An alle!!! An alle!!! An alle!!! An alle!!!!!!!!!

Suche Mitfahrgelegenheit:

 Ich bin für den Halbmarathon angemeldet, komme aber erst frühstens um ca. 18 Uhr in Mainz weg. Wollte bei Thomas (Ex-Präsi) bzw. Kumpel mit im Garten pennen und wenns geht auch die Sonntags-Singletrailrunde mitnehmen.

Also: WER KÖNNTE MICH FR ABEND MIT IN DIE EIFEL NEHMEN; UND; BZW: WER FÄHRT SO SPÄTER HEIM UND HÄTTE NOCH EIN PLÄTZCHEN?????????????????????????

Mit lieben Grüßen und (hoffentlich) Danke für die Angebote
Jens

@Thomas: Gibst Du nochmal ne genauere Anfartsbeschreibung??


----------



## X-Präsi (6. September 2004)

@rübi: War seit Mittwoch auf der EUROBIKE, deswegen erst jetzt die Antwort.
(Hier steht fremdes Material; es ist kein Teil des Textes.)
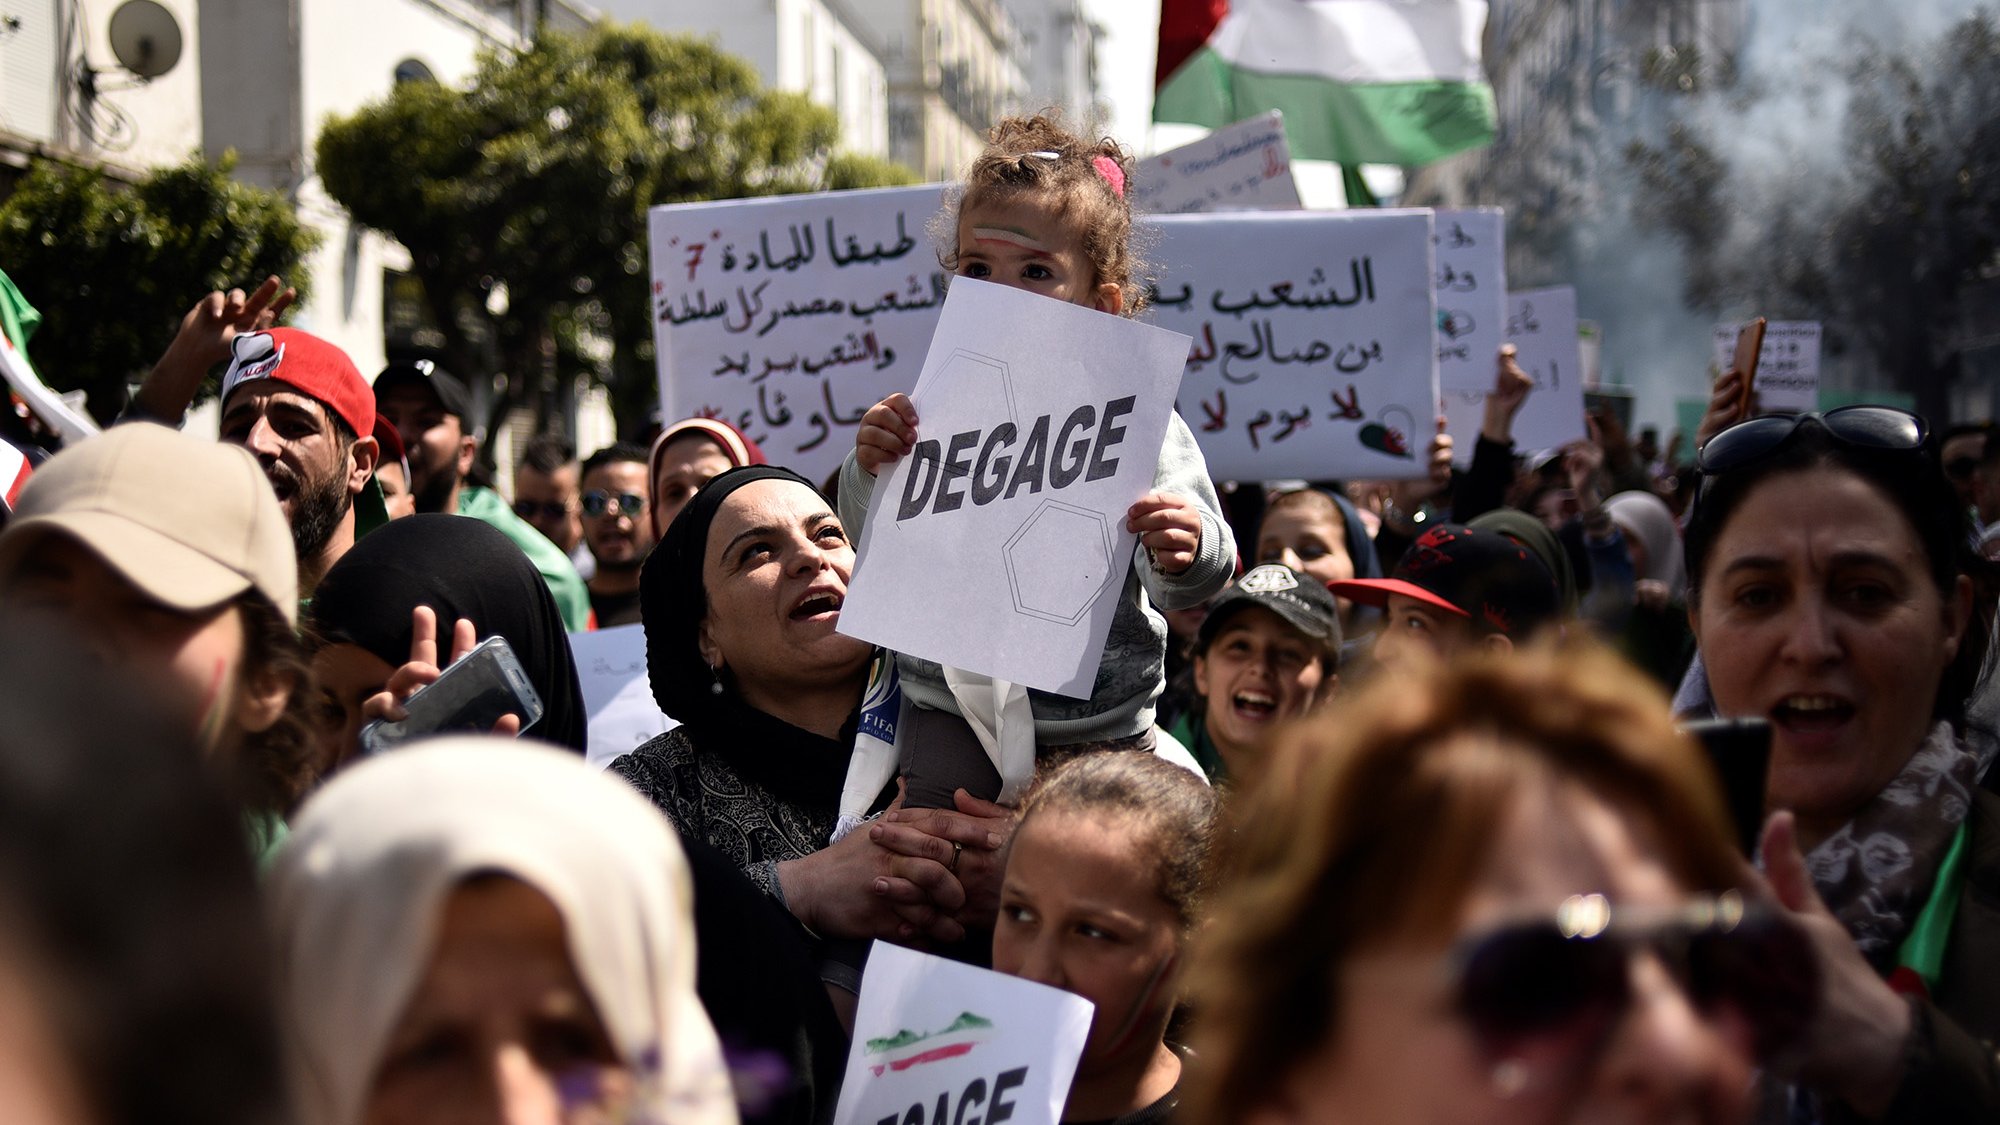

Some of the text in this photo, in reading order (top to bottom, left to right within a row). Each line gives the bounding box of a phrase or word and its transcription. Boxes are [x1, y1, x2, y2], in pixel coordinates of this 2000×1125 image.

[826, 211, 916, 268] طبقا
[1212, 255, 1376, 320] الشعب
[1219, 318, 1333, 384] صالح
[896, 394, 1137, 522] DEGAGE
[864, 712, 895, 736] FIFA
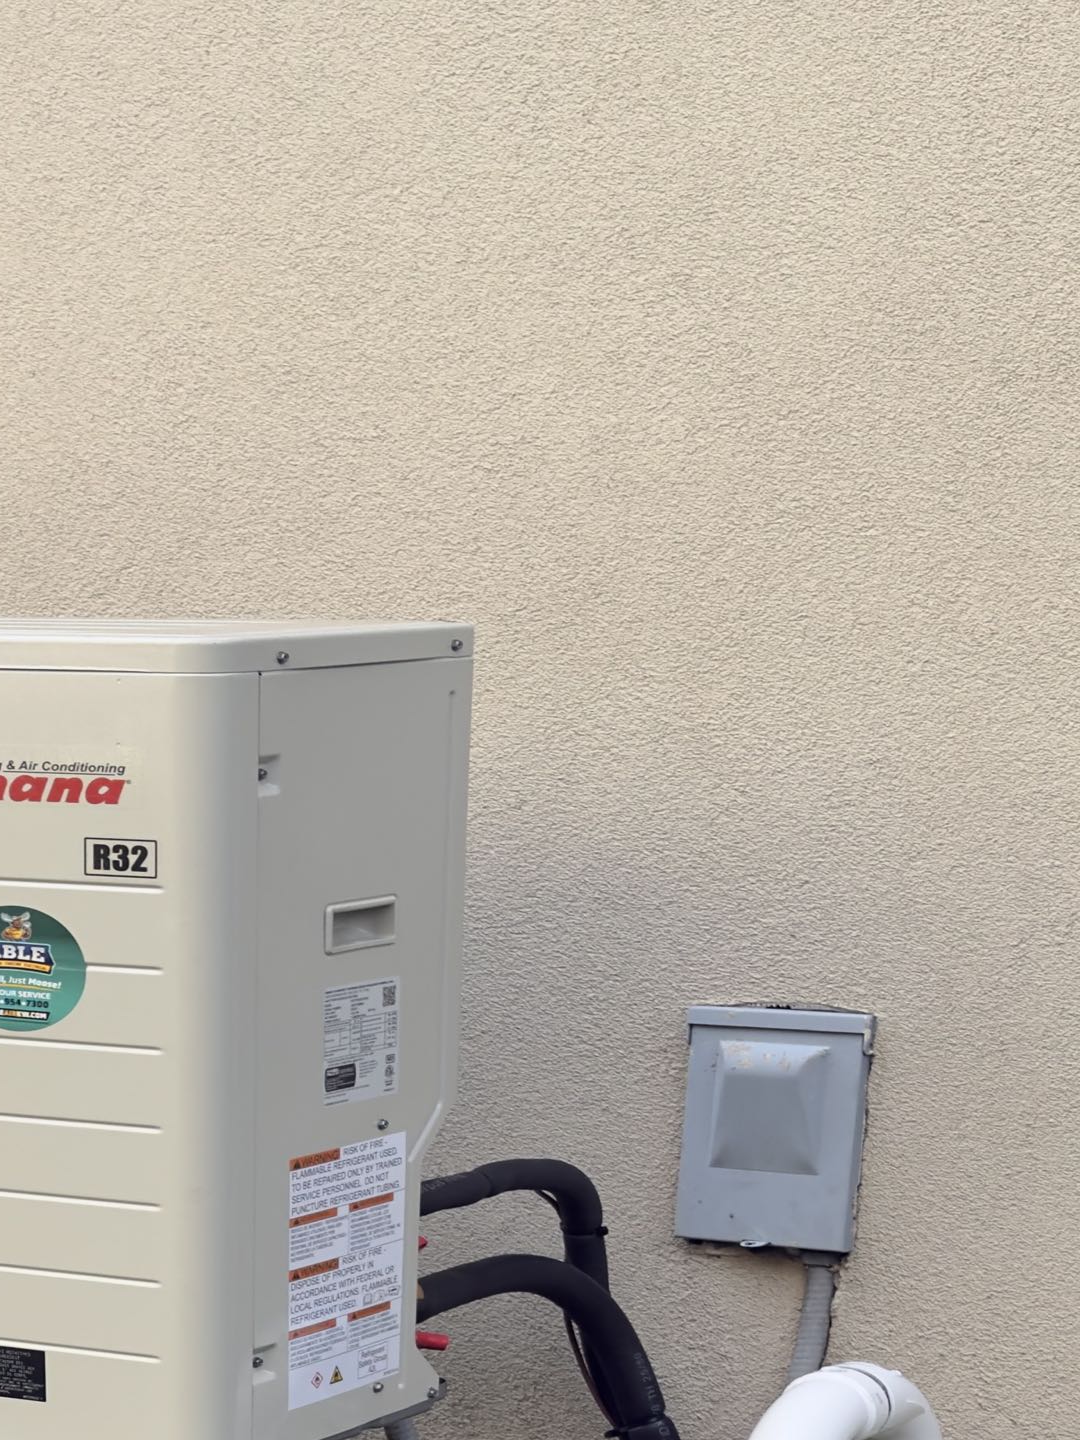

Aaaaner geht noch nei ! Hab Dir schon ne Mail geschickt.

@all: mach heute spätestens morgen ne TN-info (mail) mit Anreise und dem ganzen Schnickschnack. 

Soviel schon mal vorab: 
Wir (MTT) sind am Freitag schon ca. 16.45 Uhr da. Die kleine Singletrailrunde geht dann um 17.00 Uhr los und dauert ca. 2,5 Stunden. Abends wird bei gutem Wetter bissl gegrillt / schlechtem WEtter essen gegangen.
Wer ist denn überhaupt bei der kleinen Runde am Freitag dabei ?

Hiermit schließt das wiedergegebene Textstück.